§ **What you have to do**
Please print every record below exactly as written, leaving out the pictures.

§ **Available records**
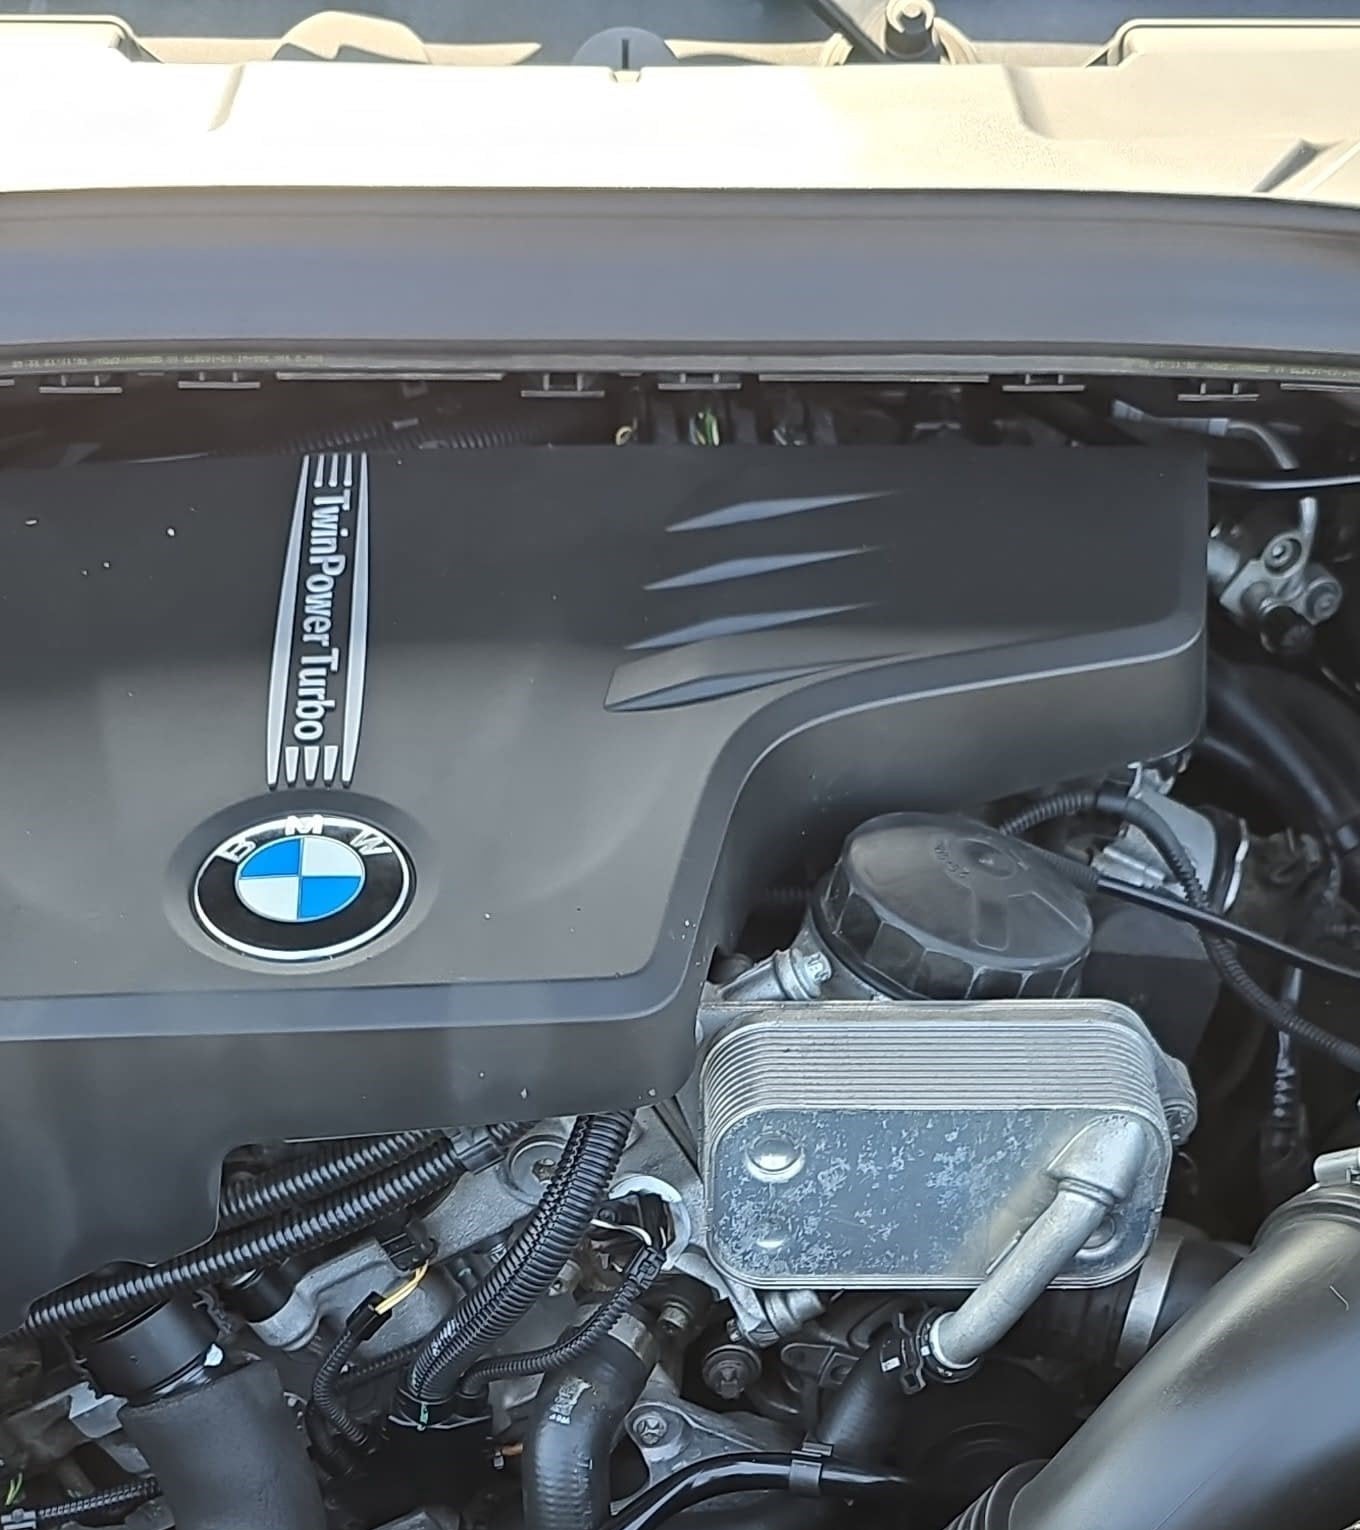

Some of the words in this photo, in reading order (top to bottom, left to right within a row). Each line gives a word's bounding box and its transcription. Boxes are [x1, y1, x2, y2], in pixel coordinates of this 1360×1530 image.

[301, 488, 351, 647] TwinPower
[292, 647, 340, 741] Turbo
[215, 814, 394, 863] BMW
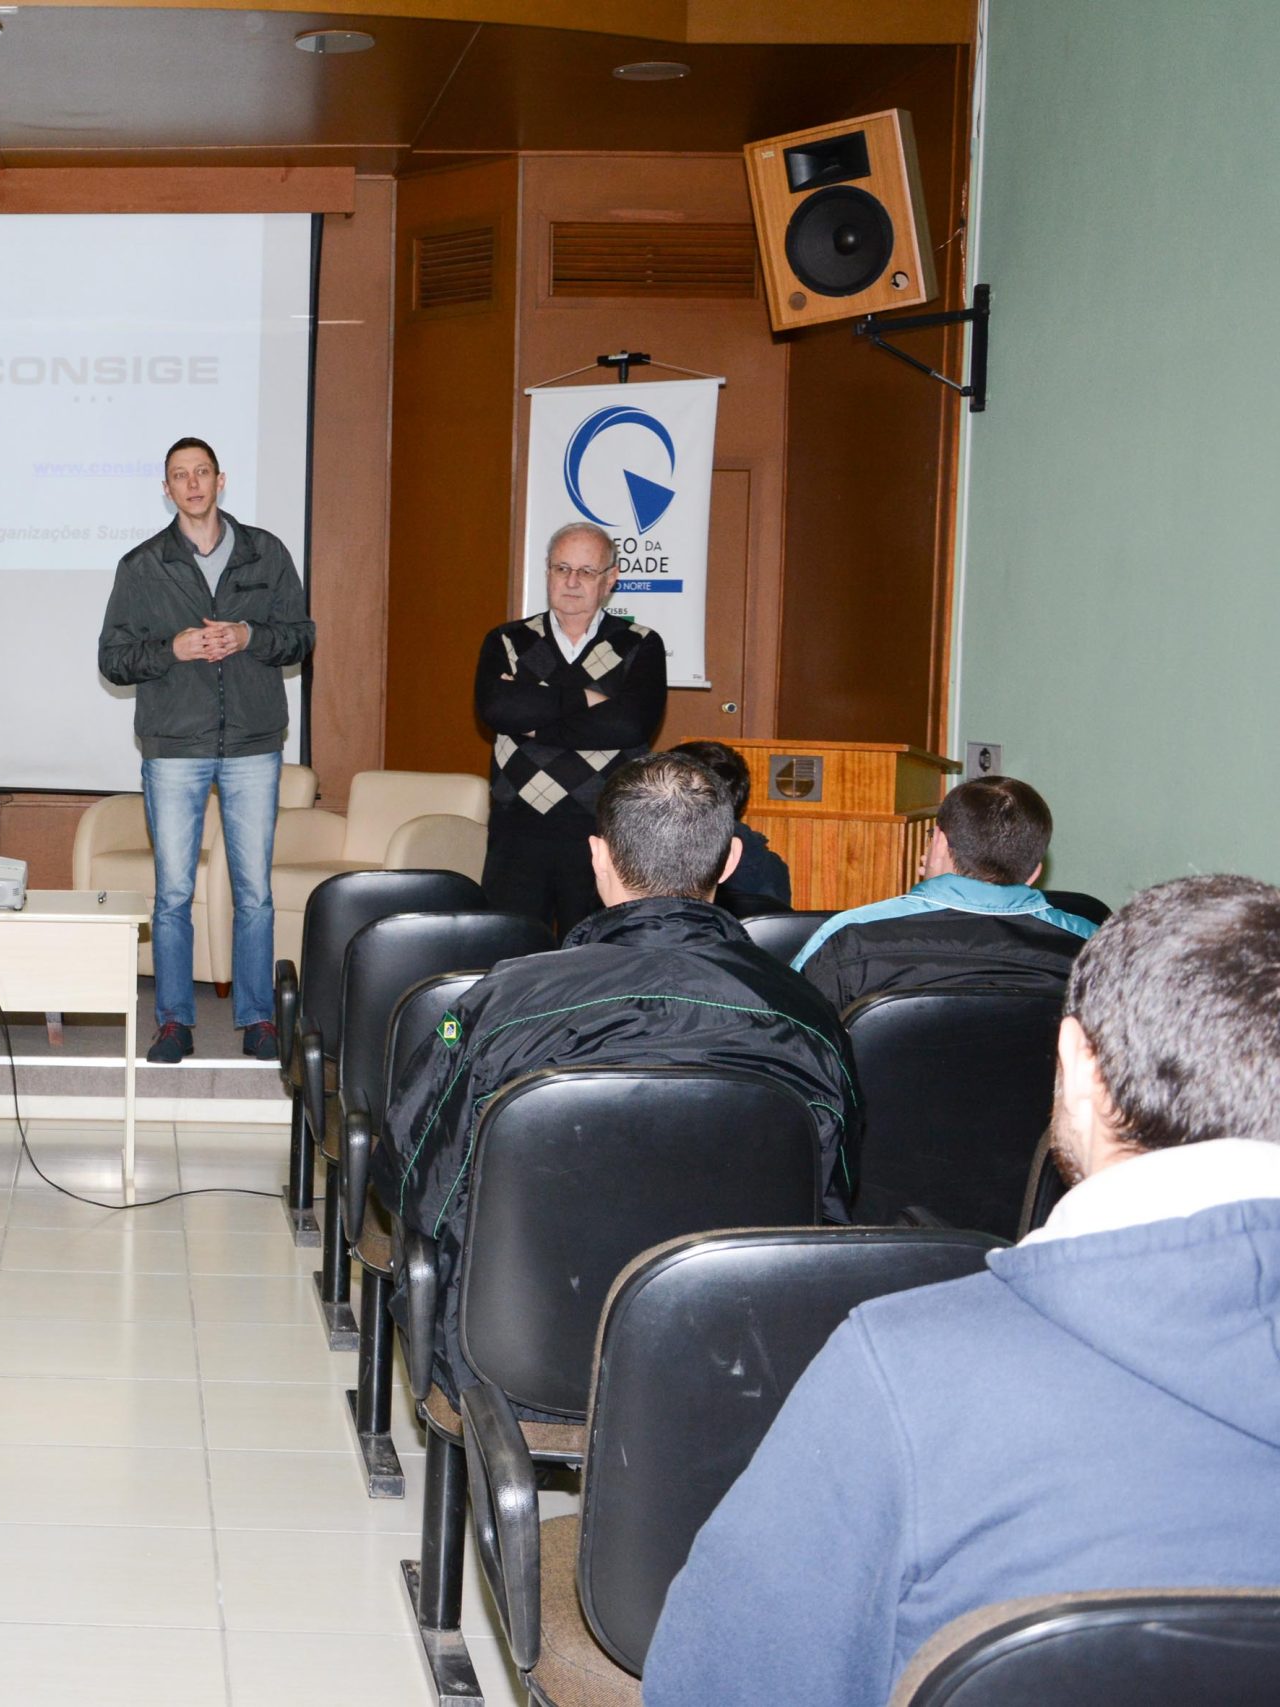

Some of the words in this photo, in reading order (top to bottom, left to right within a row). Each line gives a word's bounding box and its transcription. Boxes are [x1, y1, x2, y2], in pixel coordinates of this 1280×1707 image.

§ **Response area**
Some of the words in this photo, in reading order (top to bottom, left to right within a row). Each line gives a word's bounding box and its transcription. Boxes are [x1, y1, x2, y2], in pixel coordinates of this 1360×1530 image.

[301, 488, 351, 647] TwinPower
[292, 647, 340, 741] Turbo
[215, 814, 394, 863] BMW

Some of the words in this photo, in reading order (top to bottom, left to right within a row). Each line gives a word's bounding box and its transcription. Boxes are [x1, y1, x2, y2], in pixel coordinates of this 1280×1707 image.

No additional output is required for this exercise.